**About this exercise**
Apart from the pictures, output all of the records exactly.

── Data records ──

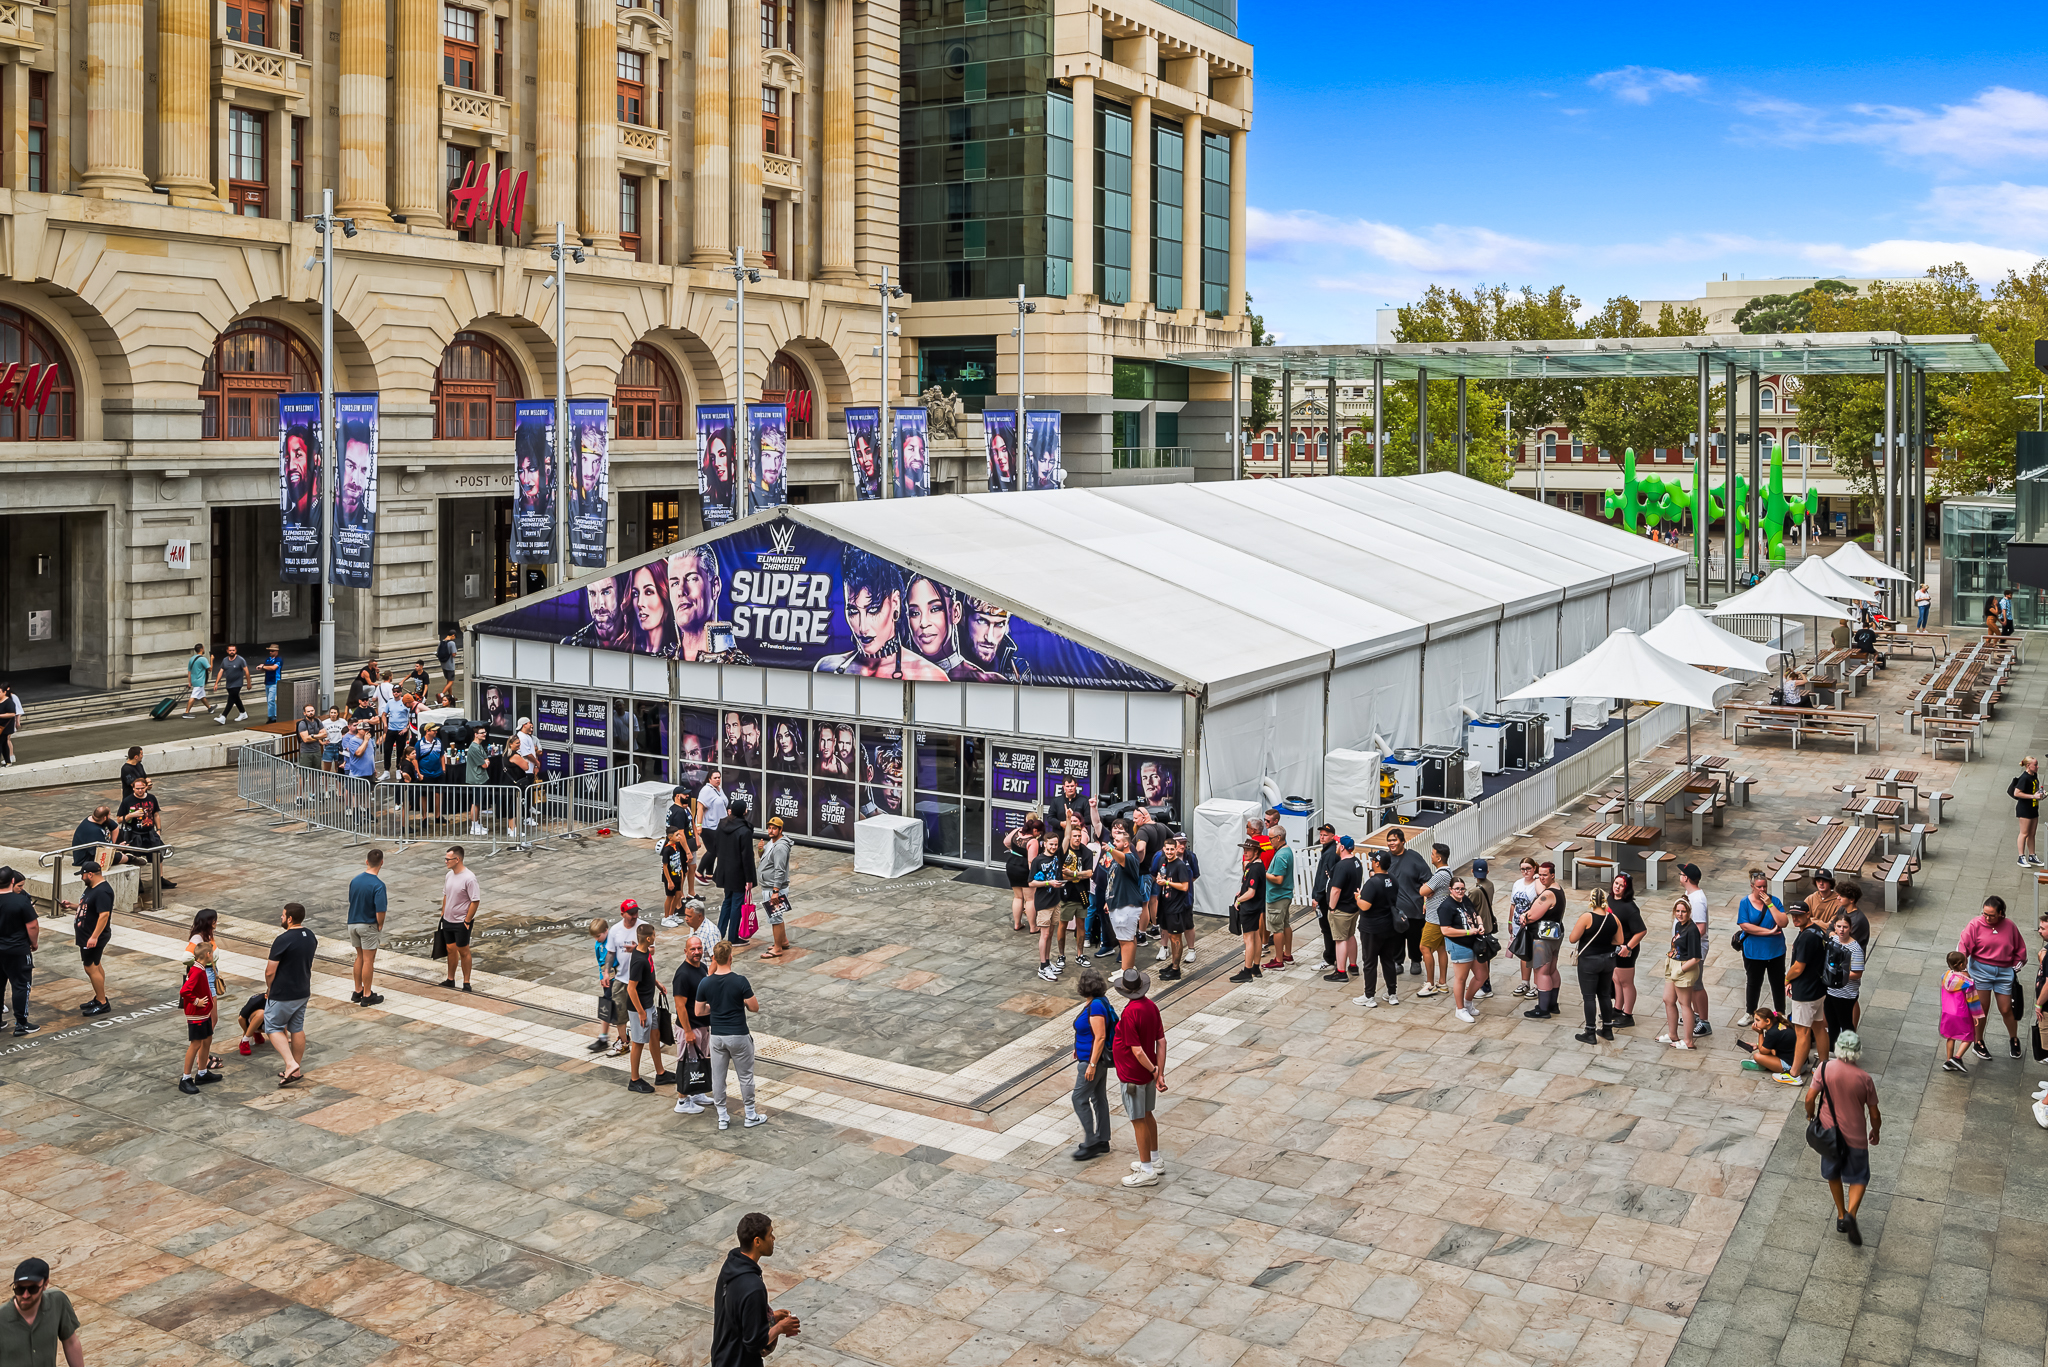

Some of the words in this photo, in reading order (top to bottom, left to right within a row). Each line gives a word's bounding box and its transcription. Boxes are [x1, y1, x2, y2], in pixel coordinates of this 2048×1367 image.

[449, 160, 529, 235] H&M
[460, 475, 491, 487] POST
[757, 555, 807, 565] ELIMINATION
[762, 562, 801, 571] CHAMBER
[730, 570, 831, 608] SUPER
[731, 605, 832, 644] STORE
[551, 700, 568, 709] SUPER
[588, 704, 606, 713] SUPER
[551, 707, 568, 716] STORE
[588, 711, 606, 720] STORE
[539, 722, 568, 734] ENTRANCE
[575, 727, 606, 738] ENTRANCE
[1011, 753, 1036, 763] SUPER
[1063, 758, 1089, 769] SUPER
[1011, 761, 1036, 771] STORE
[1063, 766, 1089, 777] STORE
[1002, 777, 1030, 794] EXIT
[730, 791, 753, 803] SUPER
[775, 797, 799, 809] SUPER
[775, 806, 799, 818] STORE
[821, 804, 846, 815] SUPER
[821, 812, 846, 824] STORE

───

**Task answer**
Some of the words in this photo, in reading order (top to bottom, left to right within a row). Each line gives a word's bounding box and its transcription. Boxes are [x1, y1, x2, y2], in pixel coordinates of this 2048×1367 image.

[449, 160, 529, 235] H&M
[460, 475, 491, 487] POST
[757, 555, 807, 565] ELIMINATION
[762, 562, 801, 571] CHAMBER
[730, 570, 831, 608] SUPER
[731, 605, 832, 644] STORE
[551, 700, 568, 709] SUPER
[588, 704, 606, 713] SUPER
[551, 707, 568, 716] STORE
[588, 711, 606, 720] STORE
[539, 722, 568, 734] ENTRANCE
[575, 727, 606, 738] ENTRANCE
[1011, 753, 1036, 763] SUPER
[1063, 758, 1089, 769] SUPER
[1011, 761, 1036, 771] STORE
[1063, 766, 1089, 777] STORE
[1002, 777, 1030, 794] EXIT
[730, 791, 753, 803] SUPER
[775, 797, 799, 809] SUPER
[775, 806, 799, 818] STORE
[821, 804, 846, 815] SUPER
[821, 812, 846, 824] STORE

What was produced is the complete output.